If you want to understand the reason why the United States cannot pursue sensible objectives in the Middle East or anywhere else, one has to look no farther than the all too often Israel-centric neocons who have become adept at advising nearly everyone in the government from the White House on down regarding what should be done, particularly in foreign policy. The Trump Administration’s slowness in filling senior positions has meant that there are many vacancies, which has opened the door to eager neoconservative-leaning nominal Republicans to re-enter government. At the State Department Brian Hook of the neocon John Hay Initiative is now chief of policy planning, courtesy of Margaret Peterlin, Tillerson’s chief of staff. They have recently hired David Feith, the son of the infamous Pentagon Office of Special Plans head Doug Feith, to head the Asia desk. And Wes Mitchell, whose policies are largely indistinguishable from his predecessor, has replaced Victoria Nuland as Assistant Secretary for European and Eurasian Affairs. While Elliot Abrams, Eliot Cohen, the Kagans and other prominent neocons have been blocked, second-tier activists carrying less political baggage have quietly been brought in.

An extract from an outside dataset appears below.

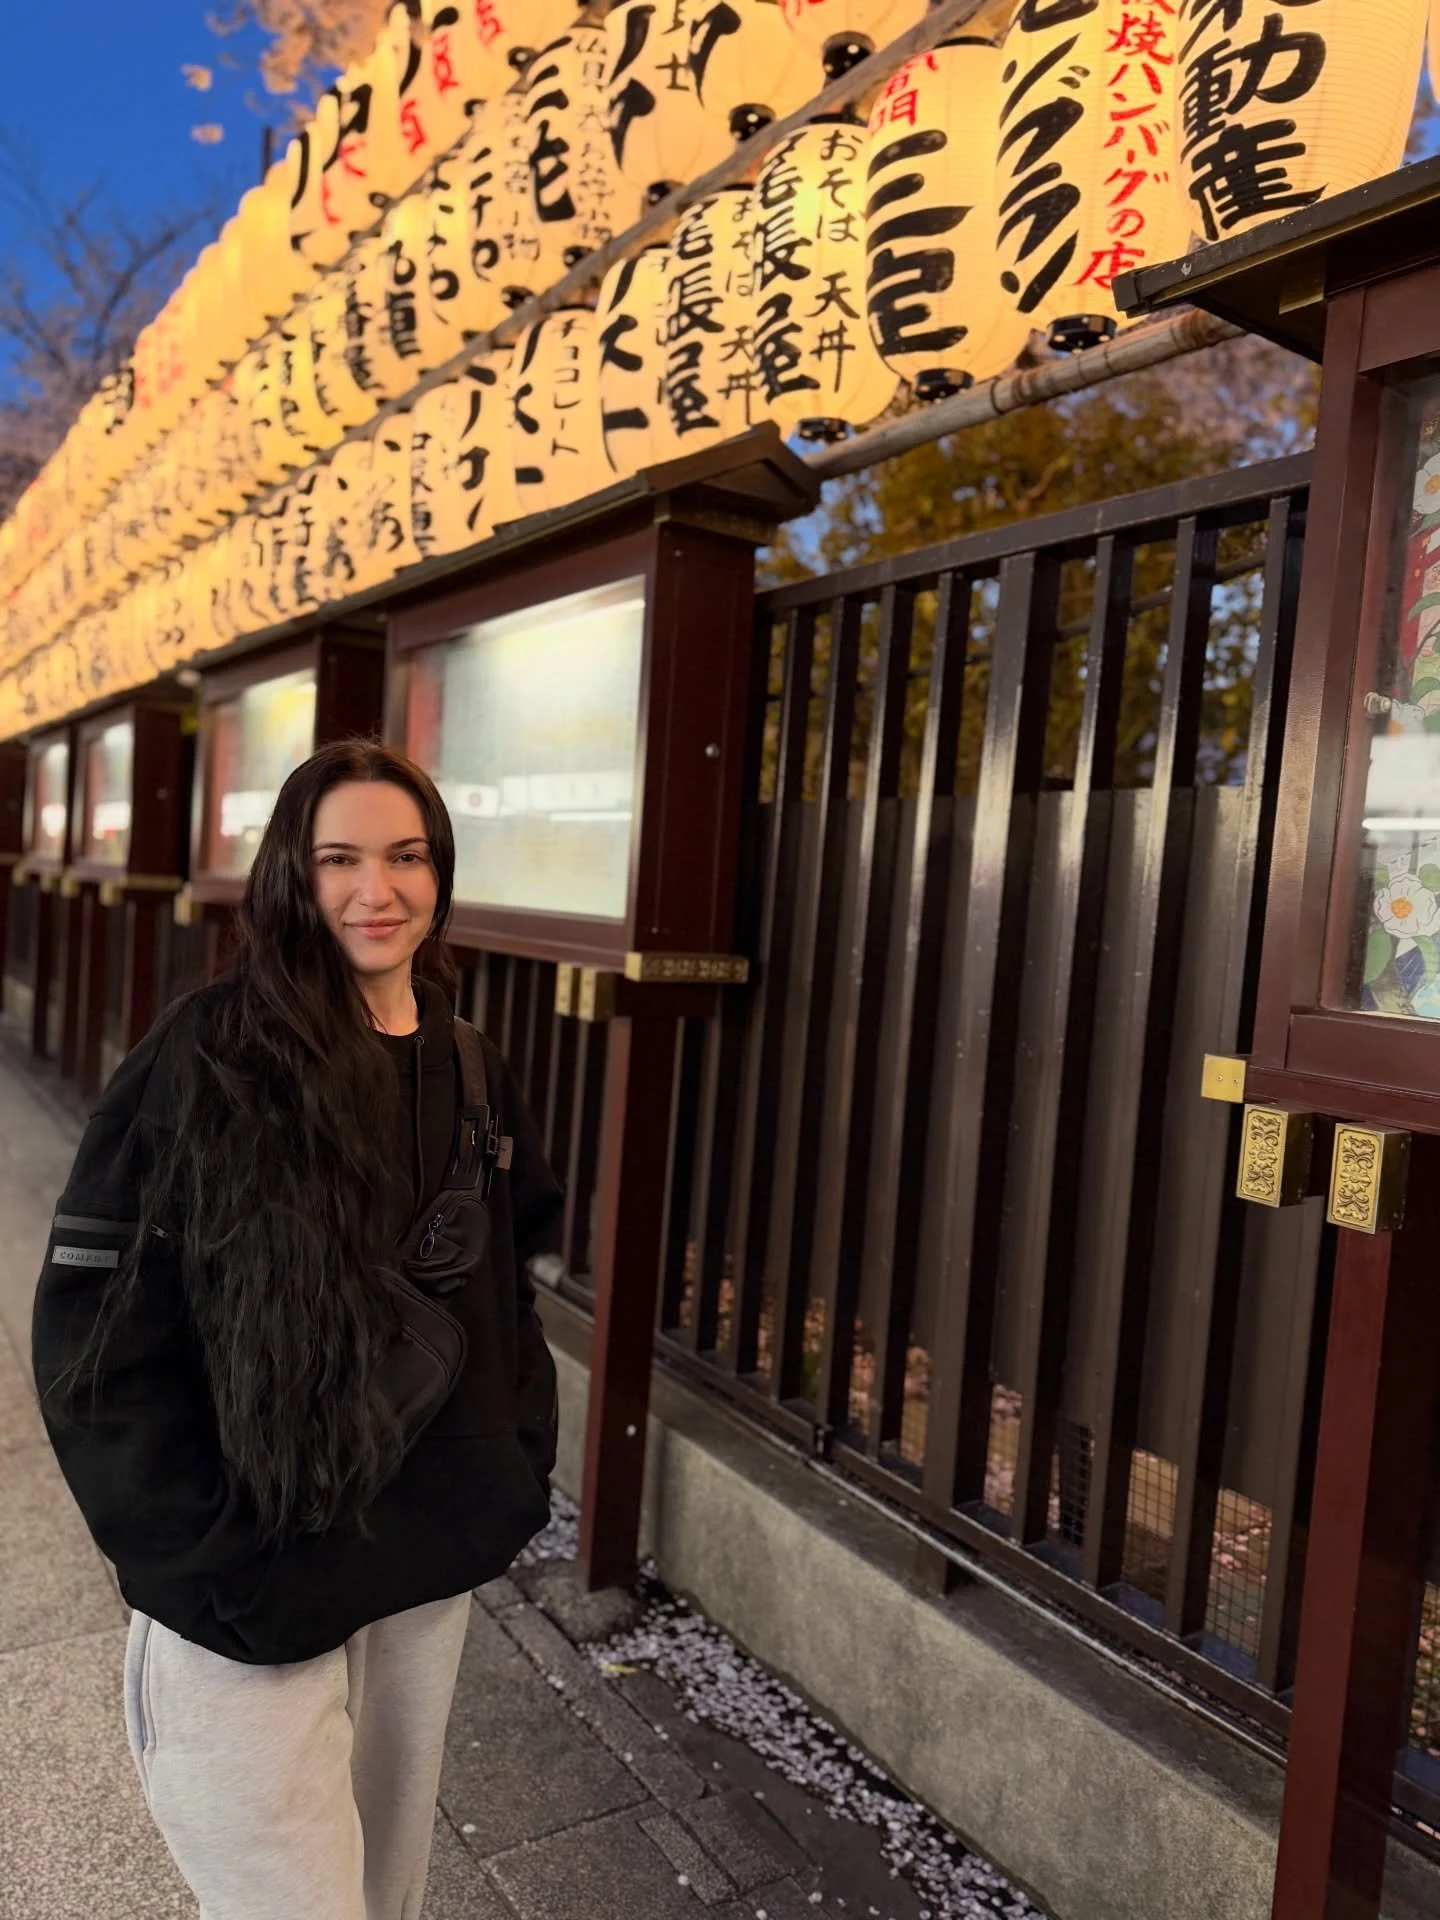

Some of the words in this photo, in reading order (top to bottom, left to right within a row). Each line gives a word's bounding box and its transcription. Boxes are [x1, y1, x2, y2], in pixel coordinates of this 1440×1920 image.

[996, 0, 1099, 313] ンブラン
[1073, 0, 1176, 290] 焼ハンバーグの店

And Congress is to a certain extent the source of all evil, as its numerous committee meetings gorge on advice from experts who are frequently anything but, reflecting the hardline views of many of the legislators themselves with nary a contrary opinion in sight. A recent session of the Senate Armed Services Committee featured a statement by leading neocon Eric Edelman. His presentation is hawkish in the extreme, with particular focus on Iran and Russia. It can be summarized briefly by citing some of the section headings: “Adopt a post-ISIS Strategy for Syria and Iraq,” “Develop Credible Military Leverage Against Iran,” “Recognize Russia as an obstacle, not a partner,” “Increase internal pressure against the Iranian regime,” and “Enforce nuclear restrictions on Iran.”

So it’s garbage-in and garbage-out on how much of the government gets a large percentage of its information. And given the White House track record relating to Iran and Jerusalem over the past several months, one might also reasonably come to the conclusion that Israel will get whatever it wants, including a catastrophic war with Iran, because it’s also garbage-in at the White House by way of son-in-law Jared Kushner’s view of the Middle East.

But there is a second story playing out about Israel right here in the United States which should be even more concerning as what is happening on the ground in Palestine and Syria. You see, the problem that Israel has is that it is indeed an apartheid state based on race and religion. The 320,000 Palestinians attempting to hang on in and around East Jerusalem have no rights whatsoever and are being systematically forced out by being denied building permits and through arbitrary oversight by the Israeli military and police. Christian churches and foundations are also under pressure from the Israeli authorities but you won’t hear much about that from Congress or the White House.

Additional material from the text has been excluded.